=== Section Start ===

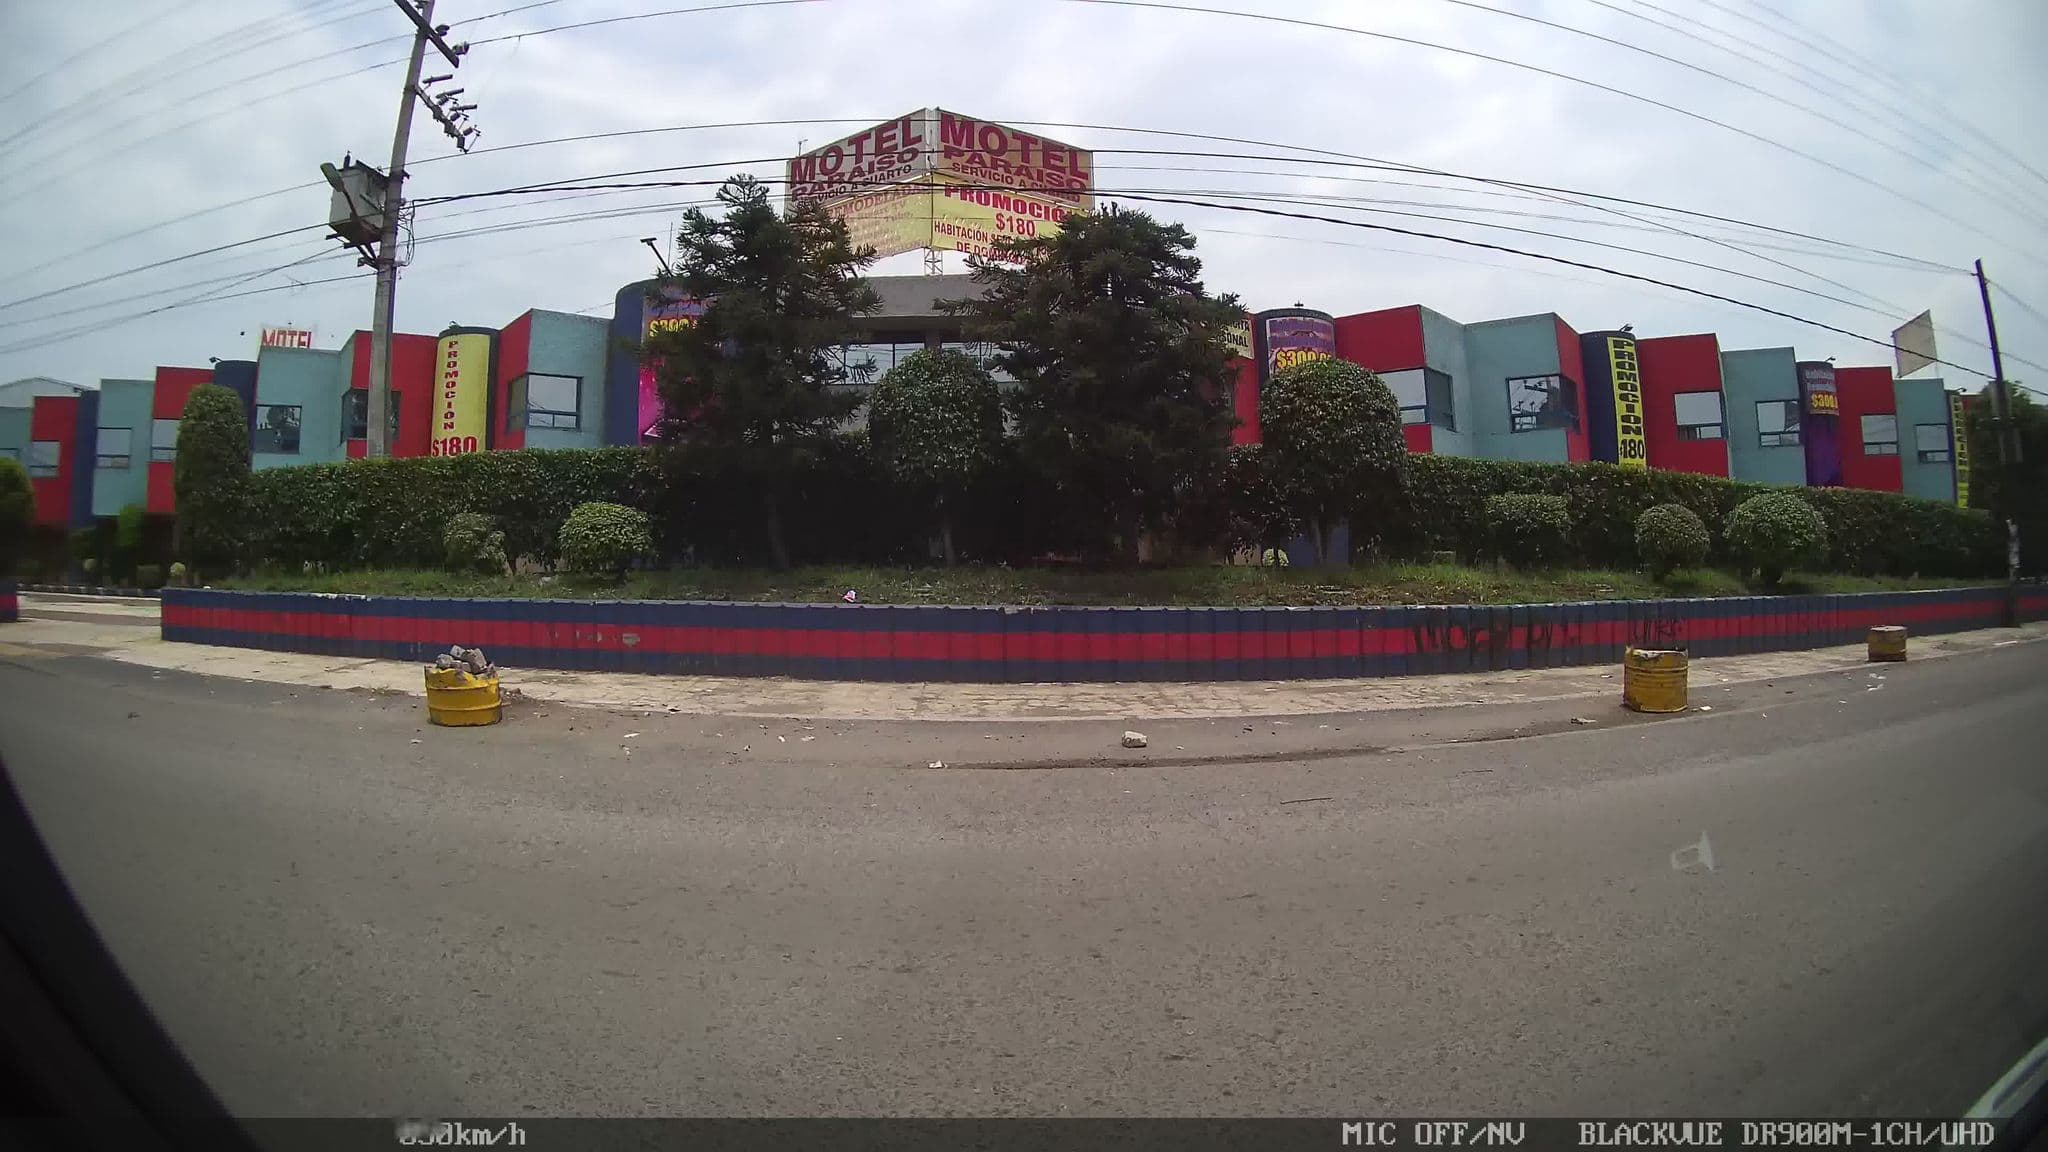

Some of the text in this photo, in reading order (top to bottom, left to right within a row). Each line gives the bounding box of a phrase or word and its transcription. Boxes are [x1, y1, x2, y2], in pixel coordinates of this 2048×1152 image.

[790, 117, 922, 188] MOTEL
[940, 112, 1089, 181] MOTEL
[791, 146, 920, 200] PARAISO
[944, 145, 1087, 193] PARAISO
[952, 162, 1027, 188] SERVICIO A
[944, 181, 1066, 224] PROMOCIO
[934, 220, 988, 244] HABITACIÓN
[995, 212, 1036, 238] $180
[956, 241, 971, 255] DE
[431, 436, 478, 457] $180
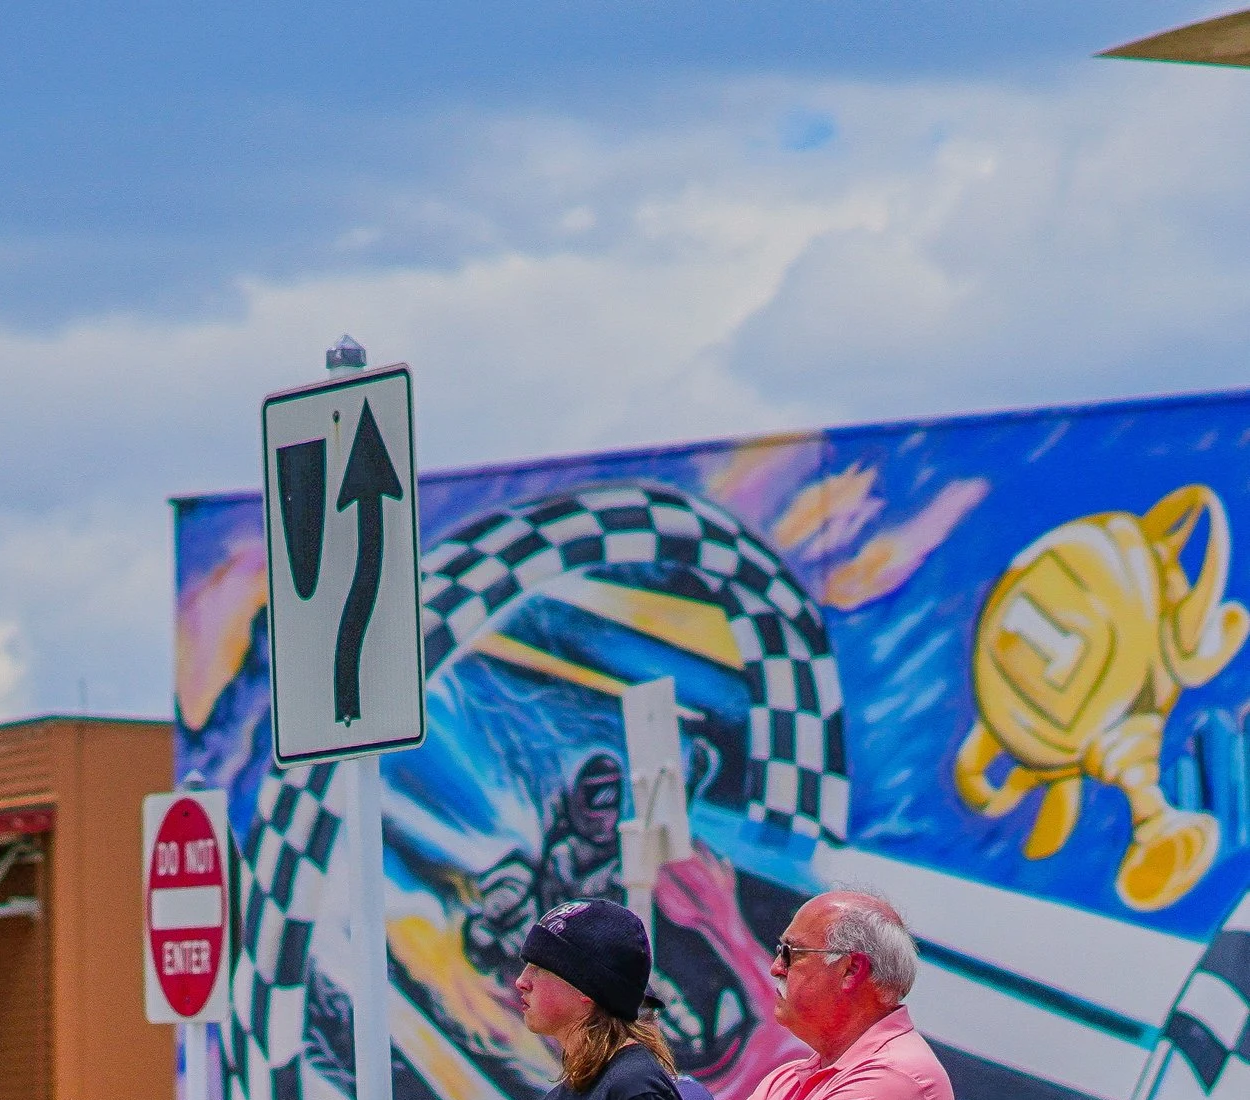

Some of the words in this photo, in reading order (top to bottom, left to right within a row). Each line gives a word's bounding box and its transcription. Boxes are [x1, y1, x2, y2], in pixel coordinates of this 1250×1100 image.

[156, 841, 180, 876] DO
[184, 838, 214, 875] NOT
[162, 940, 212, 976] ENTER

=== Section End ===

■ Problem to solve
Each record above needs to be transcribed word for word, with its pictures omitted.

■ Response for this exercise
Some of the text in this photo, in reading order (top to bottom, left to right within a row). Each line gives the bounding box of a phrase or word and its transcription. Boxes are [x1, y1, x2, y2], in pixel coordinates of this 2048×1152 image.

[790, 117, 922, 188] MOTEL
[940, 112, 1089, 181] MOTEL
[791, 146, 920, 200] PARAISO
[944, 145, 1087, 193] PARAISO
[952, 162, 1027, 188] SERVICIO A
[944, 181, 1066, 224] PROMOCIO
[934, 220, 988, 244] HABITACIÓN
[995, 212, 1036, 238] $180
[956, 241, 971, 255] DE
[431, 436, 478, 457] $180

Some of the words in this photo, in reading order (top to bottom, left to right within a row). Each line gives a word's bounding box and its transcription. Boxes are [x1, y1, x2, y2], in pixel coordinates of this 1250×1100 image.

[156, 841, 180, 876] DO
[184, 838, 214, 875] NOT
[162, 940, 212, 976] ENTER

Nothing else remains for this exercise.